**EXERCISE DIRECTIONS:**
An exact reprint of every record below is required, with the pictures left out.

**RECORDS SUPPLIED:**
_ _ _ _
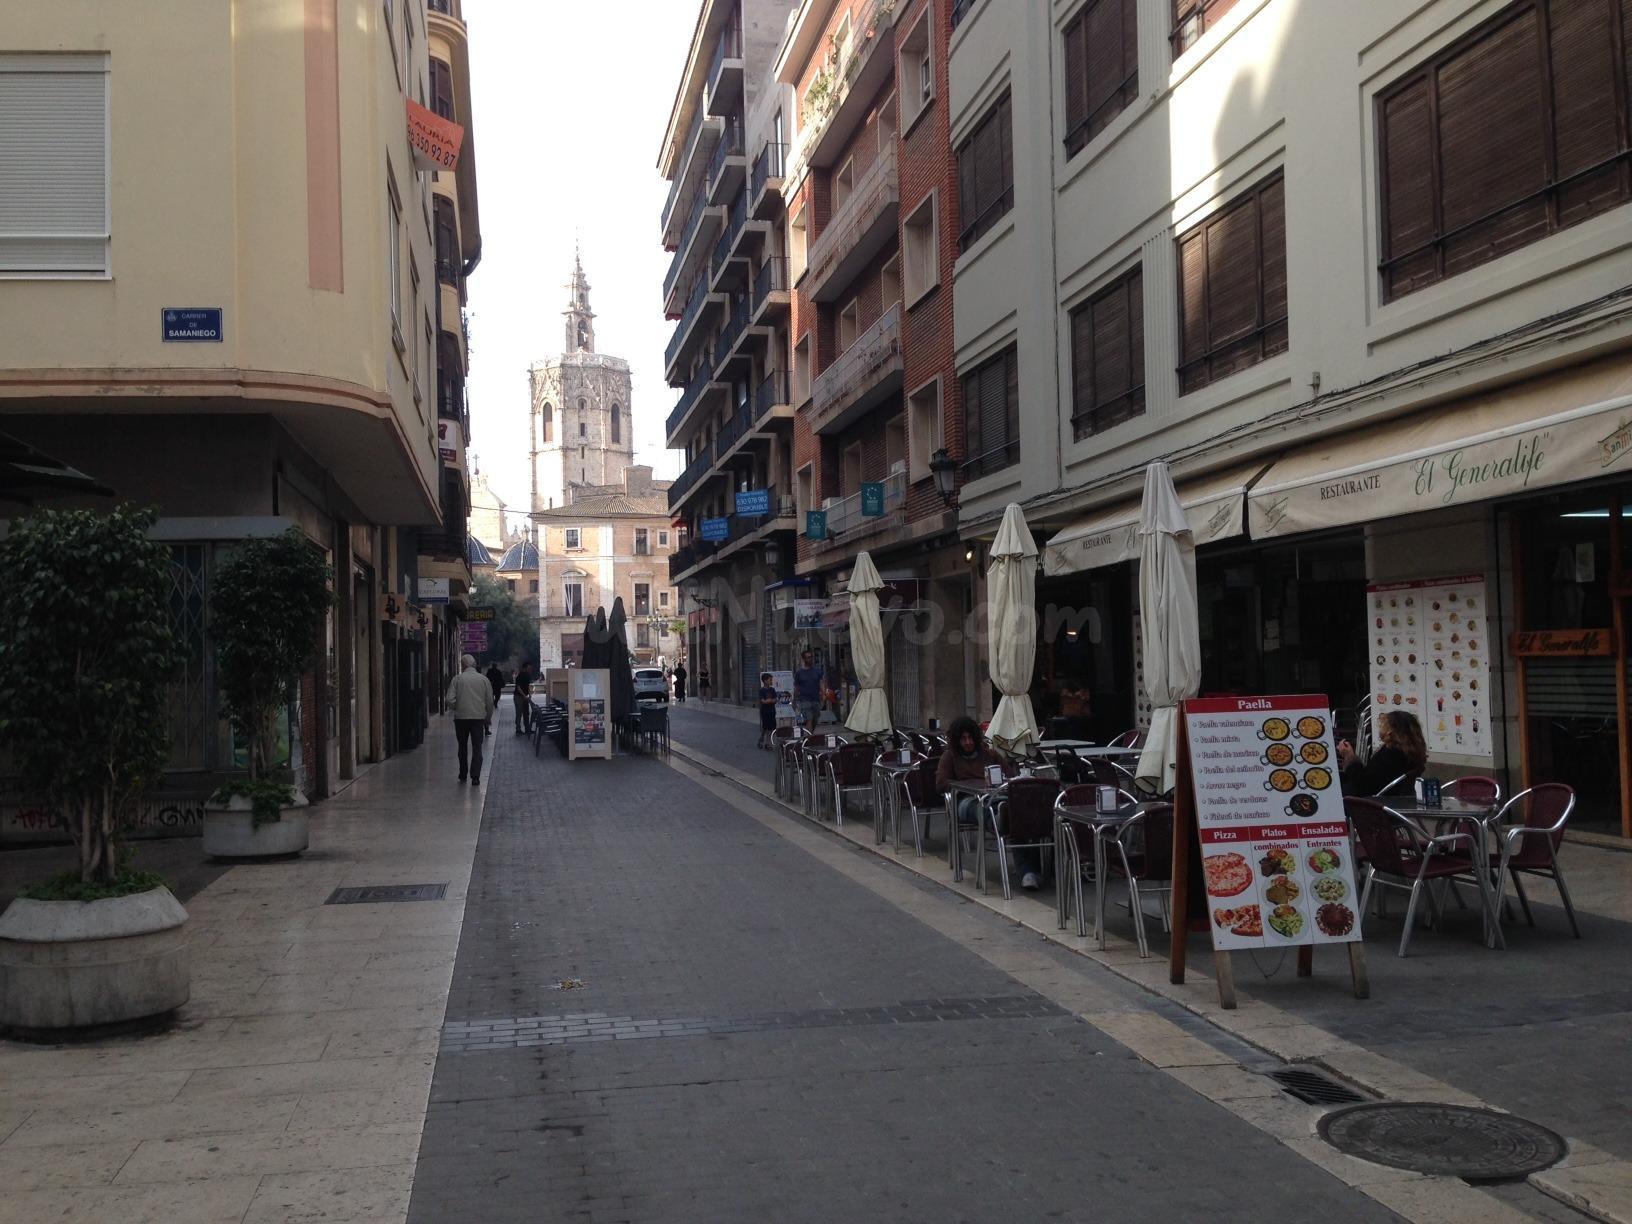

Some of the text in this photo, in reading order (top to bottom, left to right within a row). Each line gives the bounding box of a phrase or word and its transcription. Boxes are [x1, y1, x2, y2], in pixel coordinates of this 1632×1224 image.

[431, 143, 442, 162] 92
[443, 151, 456, 168] 87
[168, 329, 217, 337] SAMANIEGO
[1320, 474, 1382, 501] RESTAURANTE
[1083, 534, 1113, 550] RESTAURANTE
[1237, 699, 1272, 710] Paella
[1213, 824, 1344, 840] Pizza Platos Ensaladas
[1253, 839, 1342, 851] combinados Entrantes
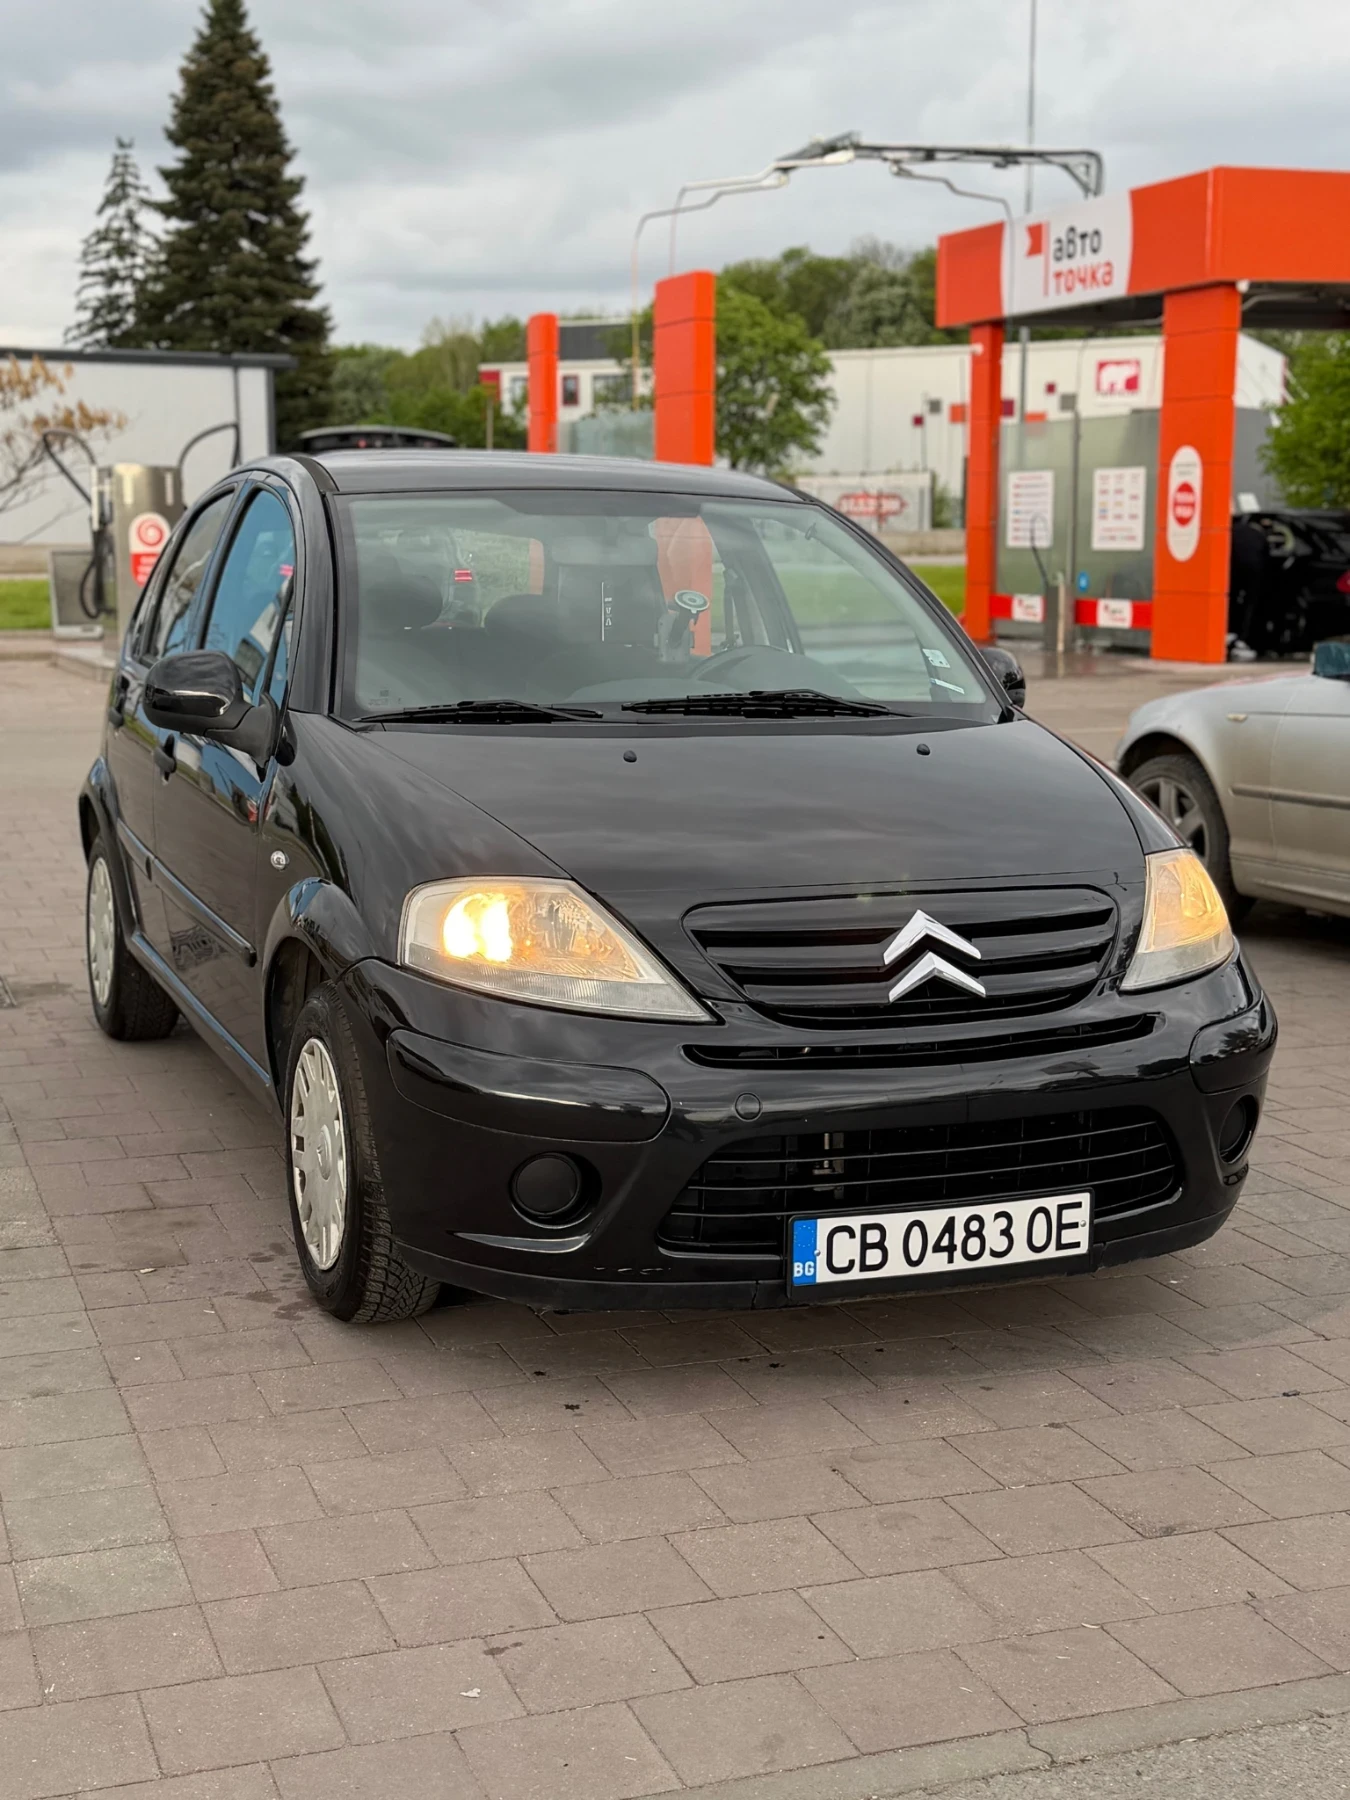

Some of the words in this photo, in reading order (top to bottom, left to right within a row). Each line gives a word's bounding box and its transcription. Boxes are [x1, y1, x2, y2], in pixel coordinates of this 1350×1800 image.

[1053, 226, 1102, 262] авто
[1053, 261, 1113, 295] точка
[826, 1222, 889, 1274] CB
[903, 1210, 1014, 1267] 0483
[793, 1260, 814, 1278] BG
_ _ _ _
**YOUR RESPONSE:**
Some of the text in this photo, in reading order (top to bottom, left to right within a row). Each line gives the bounding box of a phrase or word and its transcription. Boxes are [x1, y1, x2, y2], in pixel coordinates of this 1632×1224 image.

[431, 143, 442, 162] 92
[443, 151, 456, 168] 87
[168, 329, 217, 337] SAMANIEGO
[1320, 474, 1382, 501] RESTAURANTE
[1083, 534, 1113, 550] RESTAURANTE
[1237, 699, 1272, 710] Paella
[1213, 824, 1344, 840] Pizza Platos Ensaladas
[1253, 839, 1342, 851] combinados Entrantes

Some of the words in this photo, in reading order (top to bottom, left to right within a row). Each line gives a word's bounding box and its transcription. Boxes are [x1, y1, x2, y2], in pixel coordinates of this 1350×1800 image.

[1053, 226, 1102, 262] авто
[1053, 261, 1113, 295] точка
[826, 1222, 889, 1274] CB
[903, 1210, 1014, 1267] 0483
[793, 1260, 814, 1278] BG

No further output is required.